1 Reply Latest reply on Feb 19, 2018 5:59 AM by carruzzom

    Prevent Changes to User's Hard Drive Like Deep Freeze

    tecole Lurker

      I work at a government agency and security is our number one concern. Mirage helps with keeping laptops up-to-date, but does not prevent malware from persisting on user's computers. Yes, I know there are backups and enforced base images, but that assumes that we are even aware of the malware. We're against sophisticated adversaries, such as foreign governments, who use custom zero day exploits. This stuff is hard to detect.

       

      For our desktops, we use Citrix Provisioning Server, and it not only allows updating images like Mirage, but also prevents malware from persisting. On each boot of the computer it reverts to the single gold image. This is ideal for security, but doesn't work with laptops.

       

      Faronics Deep Freeze causes all writes to a laptop's hard drive to get discarded on reboot. This solves the problem of persistent malware on laptops. Unfortunately, it doesn't seem practical to integrate it with Mirage. All of the changes downloaded by Mirage would also get discarded on reboot.
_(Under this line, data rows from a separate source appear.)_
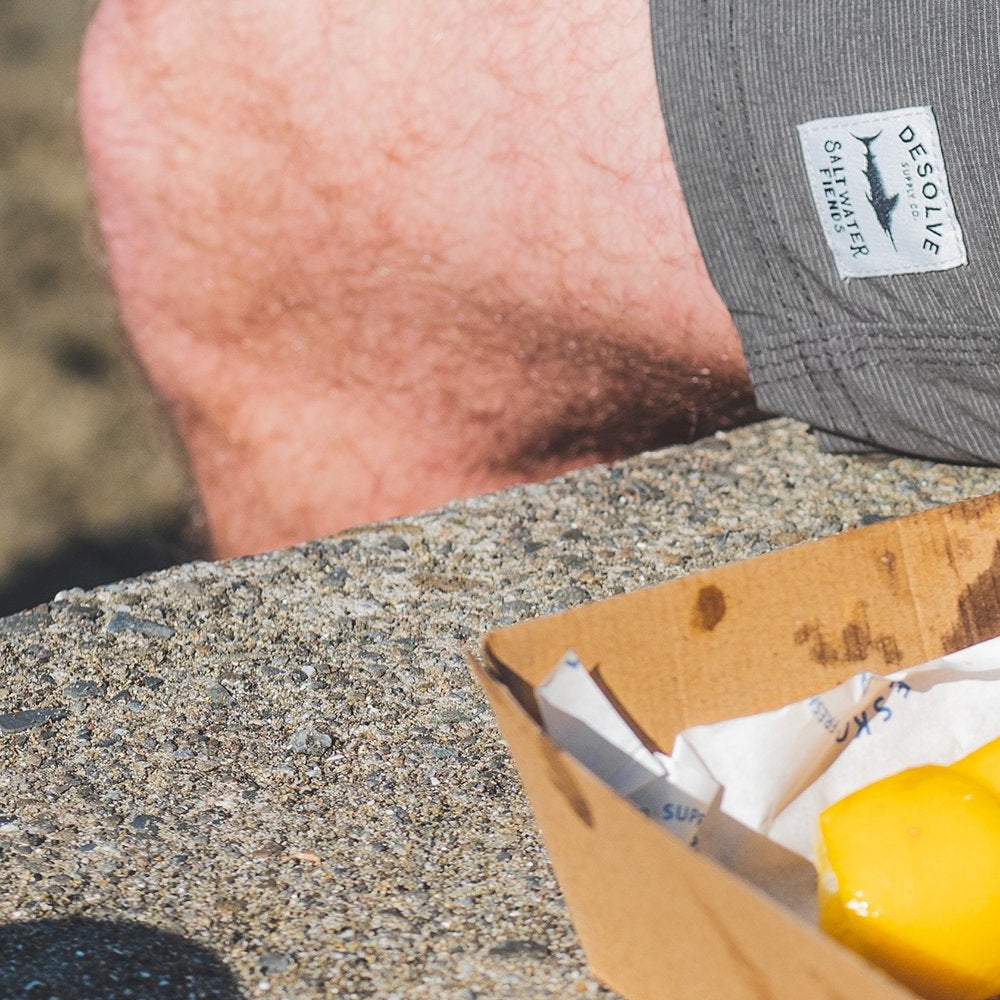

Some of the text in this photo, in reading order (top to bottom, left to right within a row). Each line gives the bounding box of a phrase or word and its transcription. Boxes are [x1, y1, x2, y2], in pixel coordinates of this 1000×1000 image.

[819, 168, 845, 233] FIENDS
[899, 125, 944, 255] DESOLVE
[901, 162, 915, 199] SUPPLY
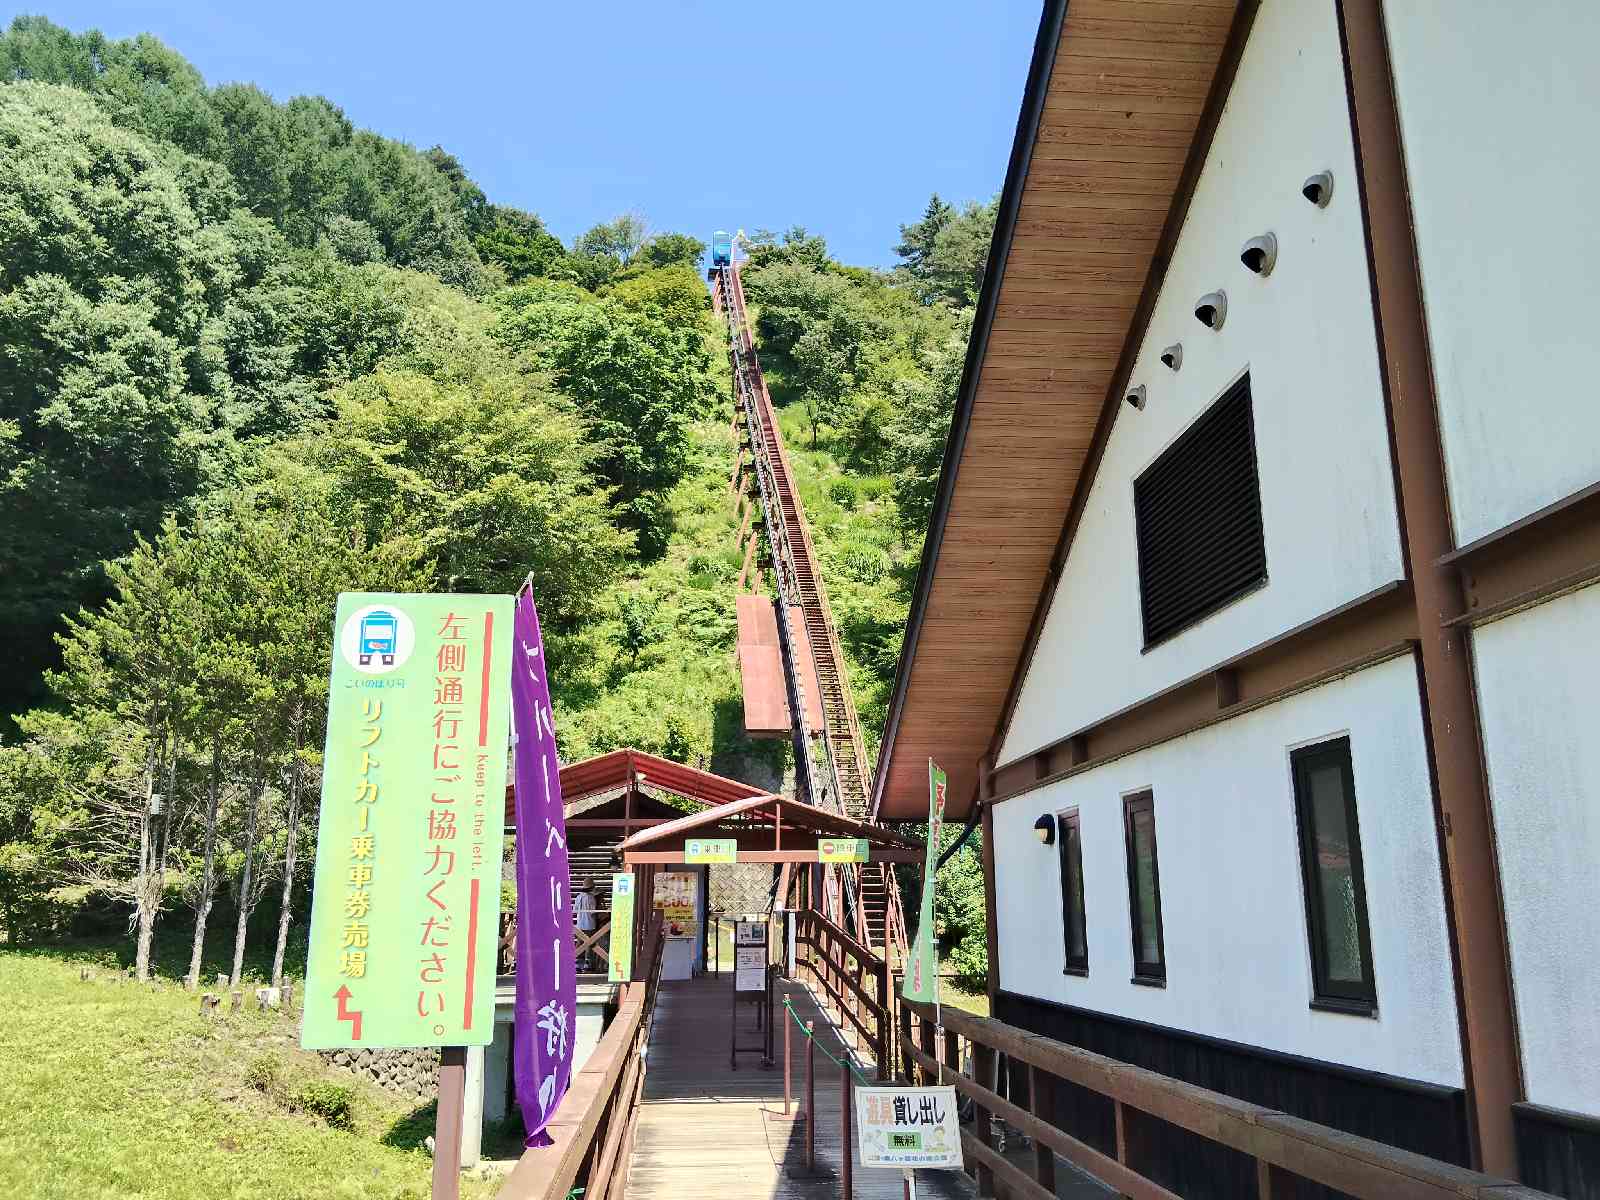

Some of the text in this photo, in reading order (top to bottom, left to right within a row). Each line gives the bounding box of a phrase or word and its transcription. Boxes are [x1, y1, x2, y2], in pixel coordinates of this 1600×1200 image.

[475, 754, 489, 787] Keep
[475, 793, 485, 806] to
[339, 698, 383, 978] リフトカー乗車券売場
[418, 612, 472, 1037] 左側通行にご協力ください。
[473, 814, 485, 836] the
Deep Freeze does allow rebooting into a "thawed" mode to do updates, but the process would be very awkward. Once the user was aware of an update they'd have to reboot into thawed mode, let mirage download all the updates, reboot to apply the updates, then reboot again to frozen mode. And presumably no work could be done during this whole period, since the machines would be vulnerable to malware while in thawed mode. Our users are not that patient.

       

      I don't think it would be that difficult for VMWare to create their own version of a frozen hard drive and integrate it with Mirage. There are other implementations of read-only hard drives, such as the write filters in Win 7 embedded. Some people have even rolled their own by booting from differencing VHD files. The challenge with all this stuff isn't preventing writes to the hard drive, but making it easy to update the image. And that's where Mirage shines.

       

      If this feature were implemented I think it would be a significant selling point for Mirage. I've noticed that some of your competitors such as Citrix XenClient and MokaFive have touted the ability to use nonvolatile images as a security advantage. Even VMWare touts this as a big advantage to using virtual desktops on View, but of course there are times when laptops with all software installed locally makes sense. If Mirage had this ability it would provide the best of both worlds. In my organization, I could foresee Mirage going from a small project to an enterprise-wide deployment. Security is that important to us. Thanks.